---- Records for the task
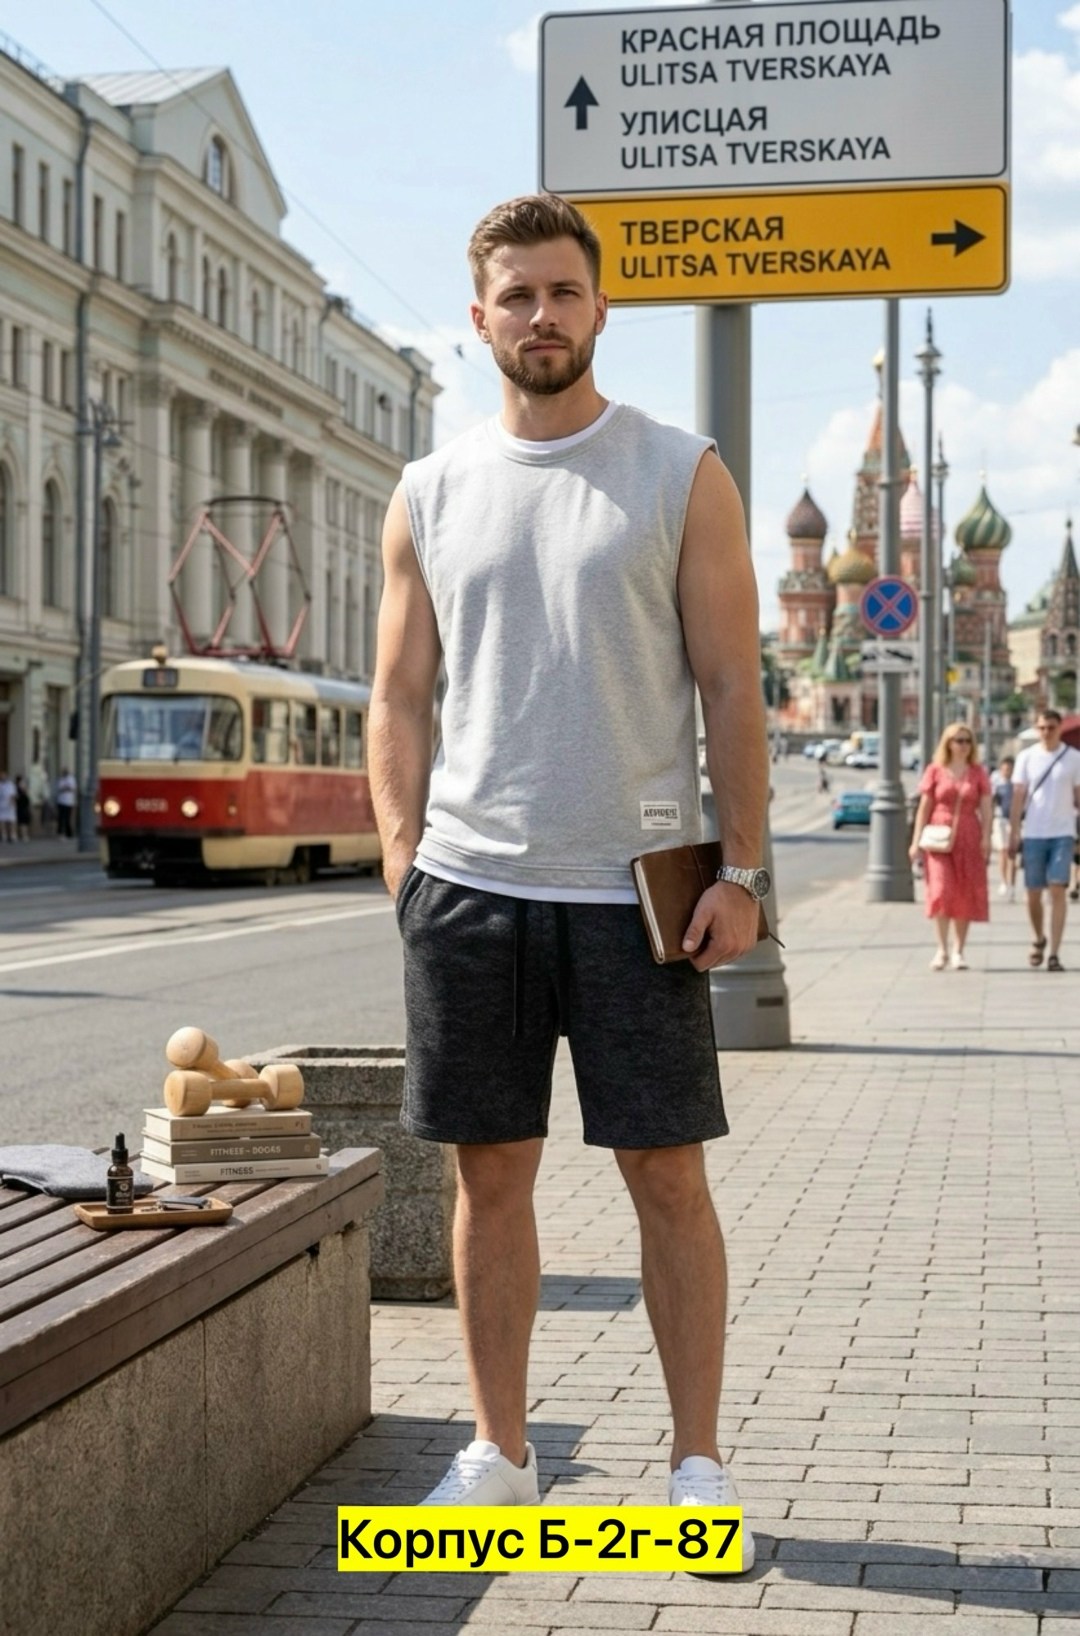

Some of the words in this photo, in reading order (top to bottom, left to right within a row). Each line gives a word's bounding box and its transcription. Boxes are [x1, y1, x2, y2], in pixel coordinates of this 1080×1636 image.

[621, 23, 764, 54] КРАСНАЯ
[775, 15, 941, 46] ПЛОЩАДЬ
[621, 61, 718, 87] ULITSA
[726, 53, 891, 82] TVERSKAYA
[620, 106, 768, 137] УЛИСЦАЯ
[621, 143, 718, 169] ULITSA
[726, 136, 891, 165] TVERSKAYA
[620, 216, 784, 246] ТВЕРСКАЯ
[621, 253, 718, 279] ULITSA
[726, 247, 891, 275] TVERSKAYA
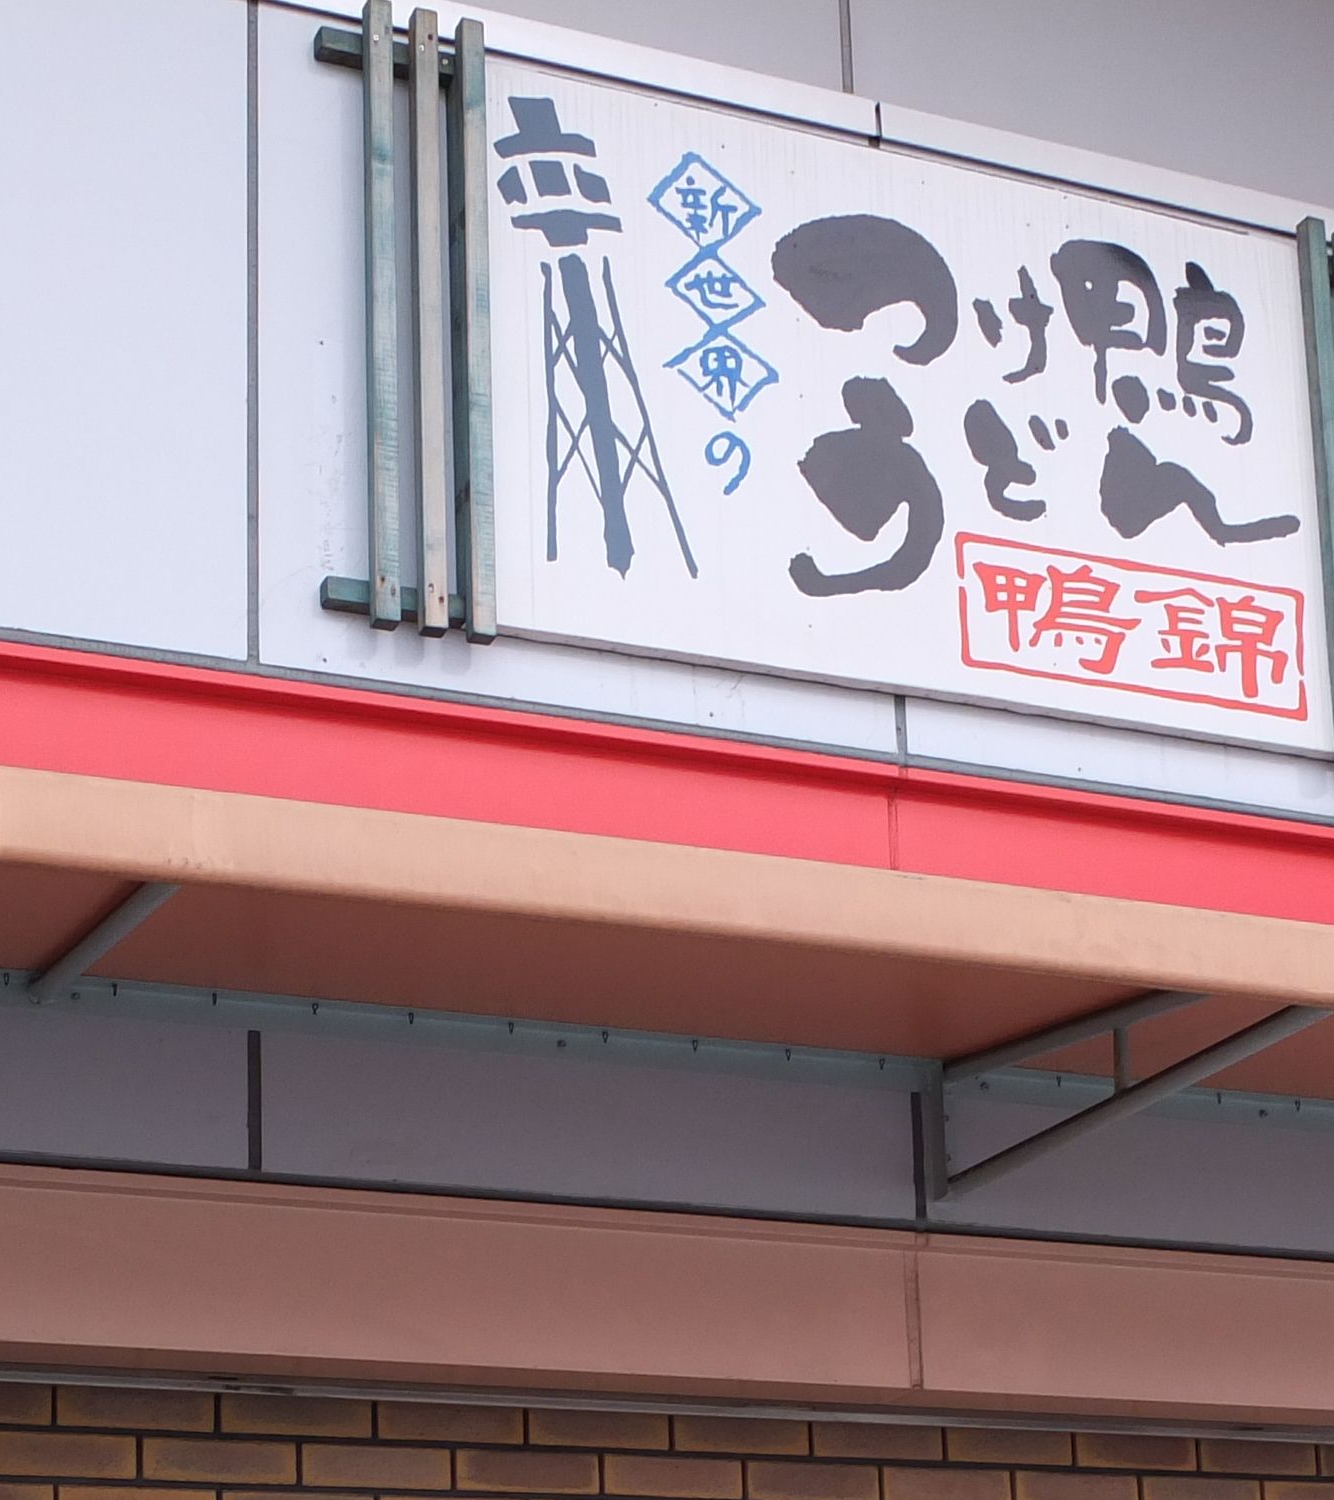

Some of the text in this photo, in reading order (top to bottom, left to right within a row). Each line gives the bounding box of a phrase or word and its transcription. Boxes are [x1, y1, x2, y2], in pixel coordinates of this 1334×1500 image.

[667, 168, 757, 497] 新世界の
[770, 212, 1253, 446] つけ鴨
[788, 375, 1302, 598] うどん
[971, 563, 1288, 698] 鴨錦
--------
▸ Your goal
Each entry above should be given again exactly, with its pictures omitted.

▸ Task solution
Some of the words in this photo, in reading order (top to bottom, left to right within a row). Each line gives a word's bounding box and its transcription. Boxes are [x1, y1, x2, y2], in pixel coordinates of this 1080×1636 image.

[621, 23, 764, 54] КРАСНАЯ
[775, 15, 941, 46] ПЛОЩАДЬ
[621, 61, 718, 87] ULITSA
[726, 53, 891, 82] TVERSKAYA
[620, 106, 768, 137] УЛИСЦАЯ
[621, 143, 718, 169] ULITSA
[726, 136, 891, 165] TVERSKAYA
[620, 216, 784, 246] ТВЕРСКАЯ
[621, 253, 718, 279] ULITSA
[726, 247, 891, 275] TVERSKAYA

Some of the text in this photo, in reading order (top to bottom, left to right within a row). Each line gives the bounding box of a phrase or word and its transcription. Boxes are [x1, y1, x2, y2], in pixel coordinates of this 1334×1500 image.

[667, 168, 757, 497] 新世界の
[770, 212, 1253, 446] つけ鴨
[788, 375, 1302, 598] うどん
[971, 563, 1288, 698] 鴨錦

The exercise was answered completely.